_What you have to do_:
The listing is to be repeated exactly, and its pictures are to be left out.
Supplied data: Begin
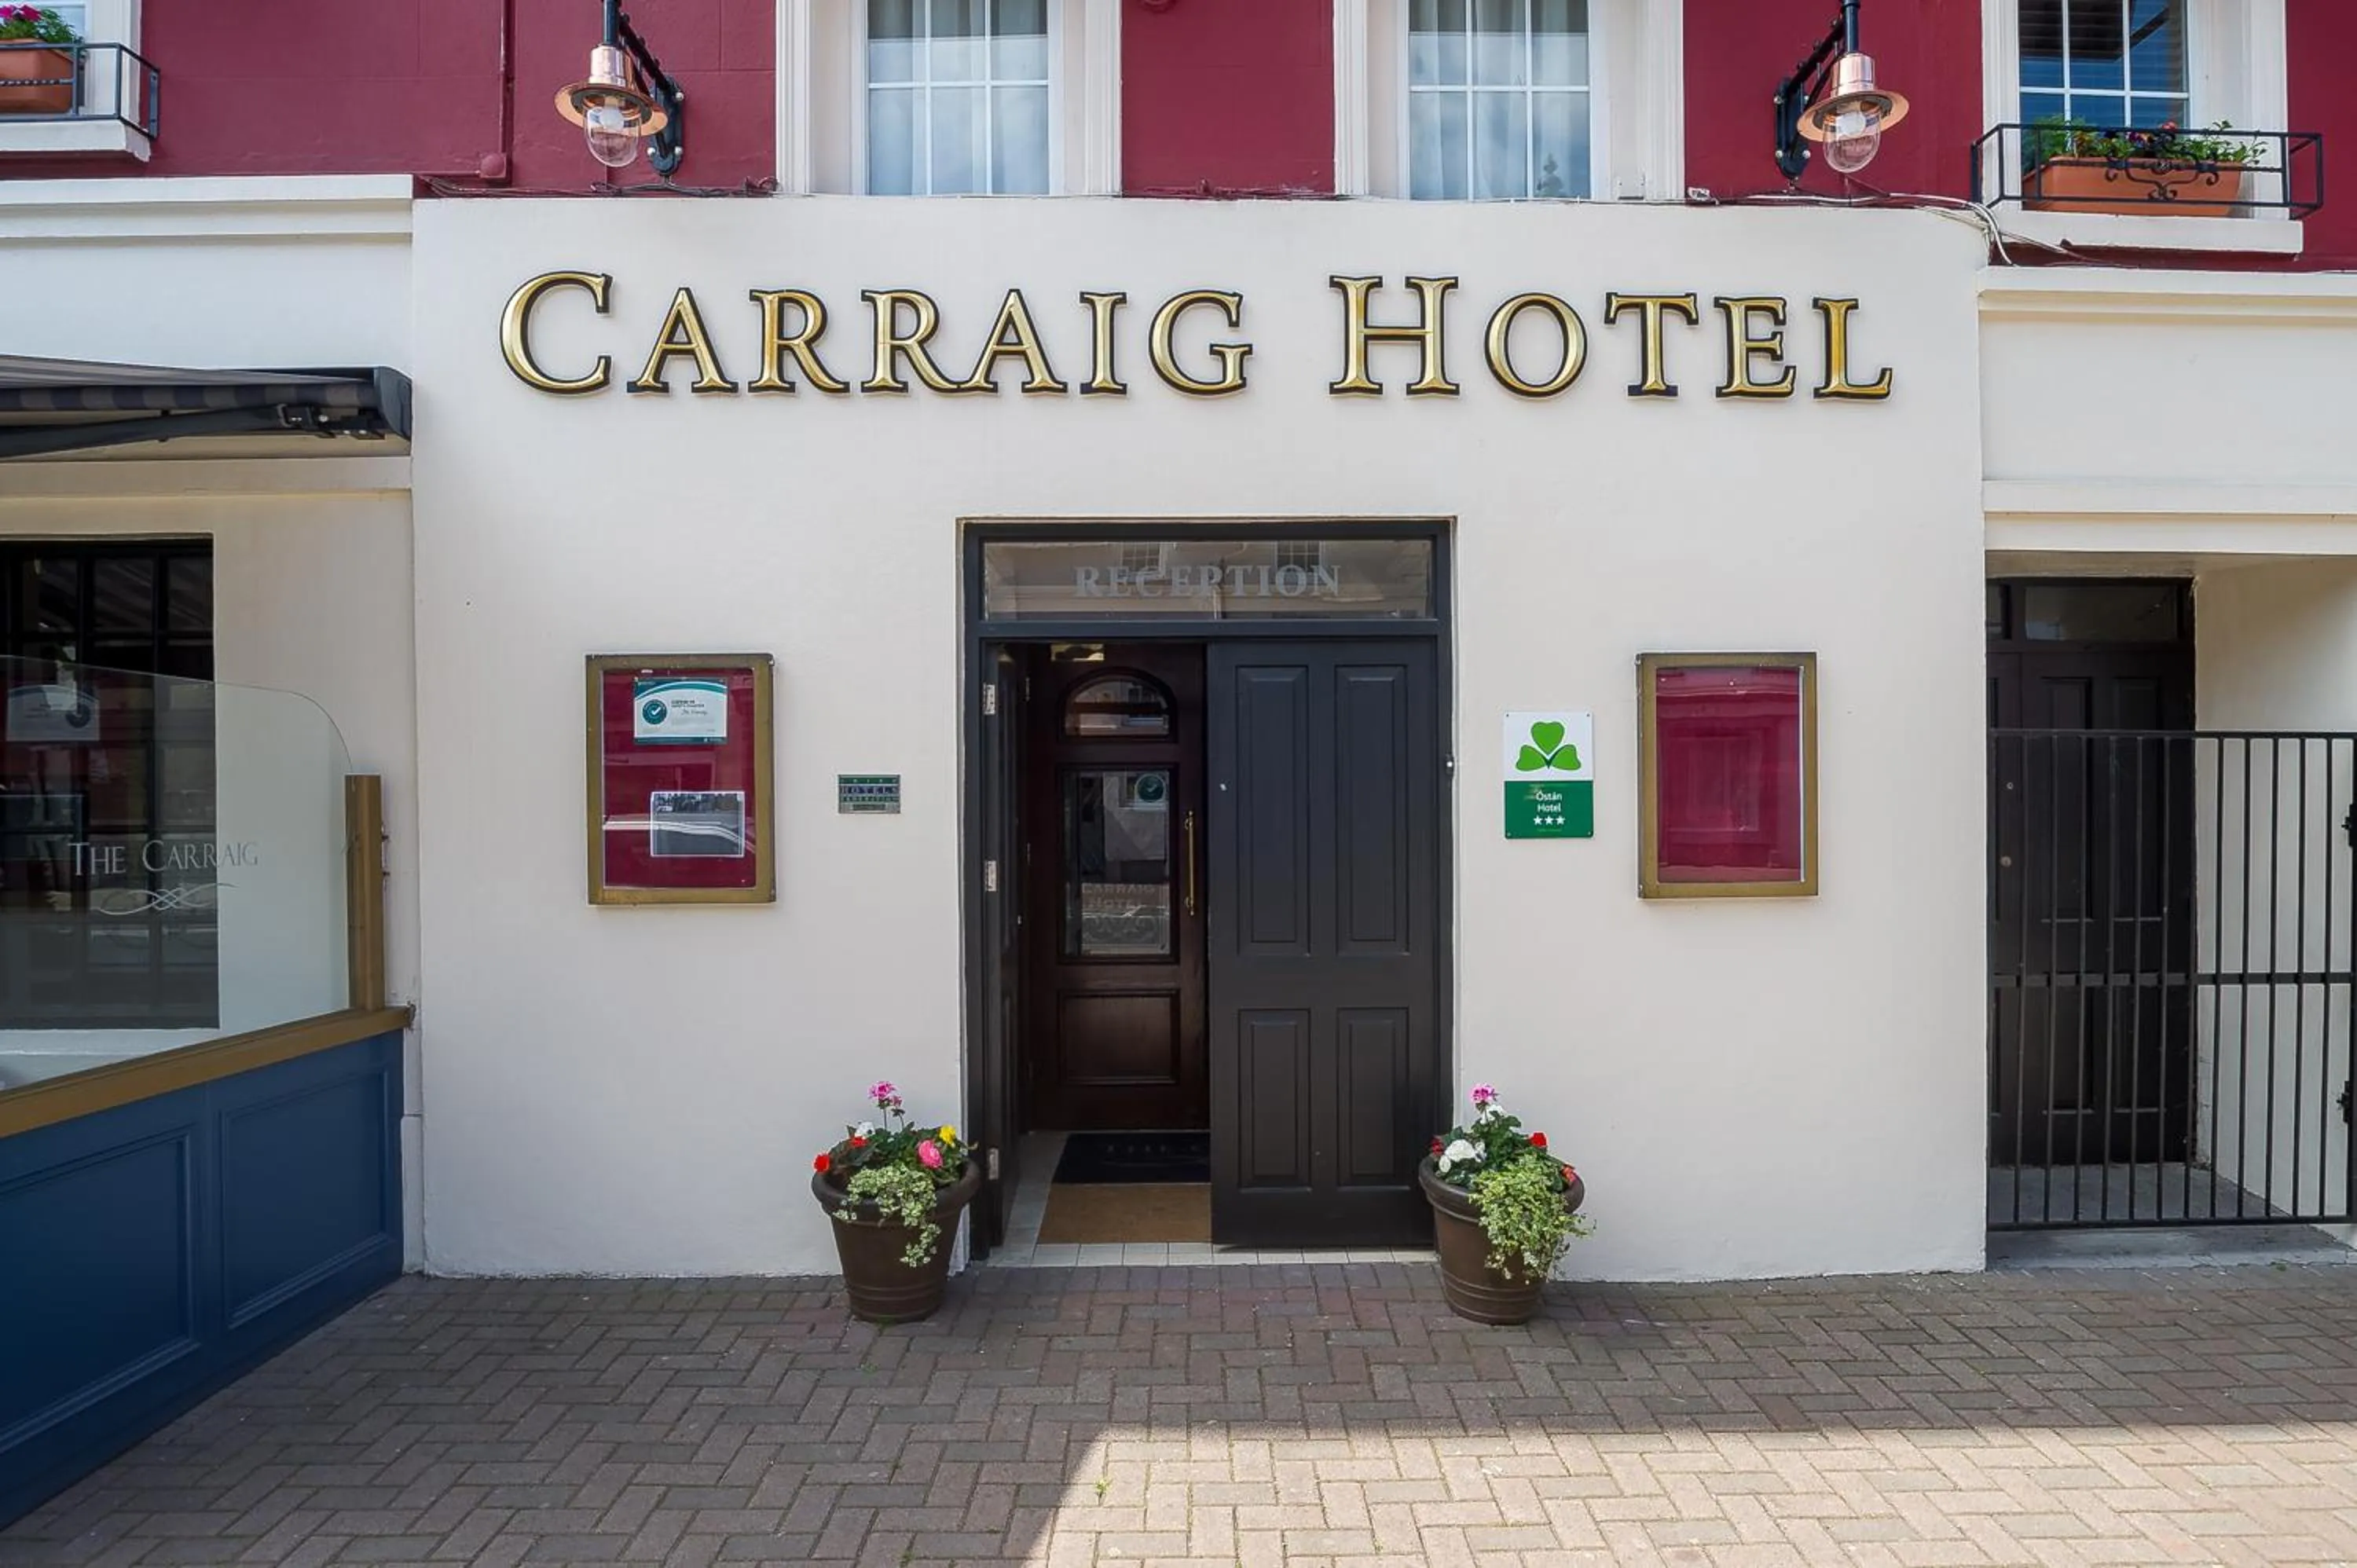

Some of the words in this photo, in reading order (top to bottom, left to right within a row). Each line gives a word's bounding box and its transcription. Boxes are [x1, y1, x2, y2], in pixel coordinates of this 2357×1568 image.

[500, 270, 1254, 395] CARRAIG
[1329, 274, 1893, 399] HOTEL
[1073, 564, 1341, 599] RECEPTION
[1536, 789, 1563, 801] Óstán
[1538, 803, 1561, 812] Hotel
[68, 841, 126, 876] THE
[142, 840, 258, 873] CARRAIG
Supplied data: End
_Output for this exercise_:
Some of the words in this photo, in reading order (top to bottom, left to right within a row). Each line gives a word's bounding box and its transcription. Boxes are [x1, y1, x2, y2], in pixel coordinates of this 2357×1568 image.

[500, 270, 1254, 395] CARRAIG
[1329, 274, 1893, 399] HOTEL
[1073, 564, 1341, 599] RECEPTION
[1536, 789, 1563, 801] Óstán
[1538, 803, 1561, 812] Hotel
[68, 841, 126, 876] THE
[142, 840, 258, 873] CARRAIG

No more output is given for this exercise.